§ Requirement: Extract the entries in their exact form.

(Extracted data entries)

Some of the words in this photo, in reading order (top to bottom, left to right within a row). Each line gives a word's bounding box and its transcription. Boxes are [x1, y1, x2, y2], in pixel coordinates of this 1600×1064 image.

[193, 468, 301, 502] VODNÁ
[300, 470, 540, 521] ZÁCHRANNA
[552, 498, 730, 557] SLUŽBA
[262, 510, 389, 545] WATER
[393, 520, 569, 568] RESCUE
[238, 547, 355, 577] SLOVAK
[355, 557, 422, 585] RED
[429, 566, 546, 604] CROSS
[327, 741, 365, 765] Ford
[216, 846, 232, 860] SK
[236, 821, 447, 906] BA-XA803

§ Exercise result:
Some of the words in this photo, in reading order (top to bottom, left to right within a row). Each line gives a word's bounding box and its transcription. Boxes are [x1, y1, x2, y2], in pixel coordinates of this 1600×1064 image.

[193, 468, 301, 502] VODNÁ
[300, 470, 540, 521] ZÁCHRANNA
[552, 498, 730, 557] SLUŽBA
[262, 510, 389, 545] WATER
[393, 520, 569, 568] RESCUE
[238, 547, 355, 577] SLOVAK
[355, 557, 422, 585] RED
[429, 566, 546, 604] CROSS
[327, 741, 365, 765] Ford
[216, 846, 232, 860] SK
[236, 821, 447, 906] BA-XA803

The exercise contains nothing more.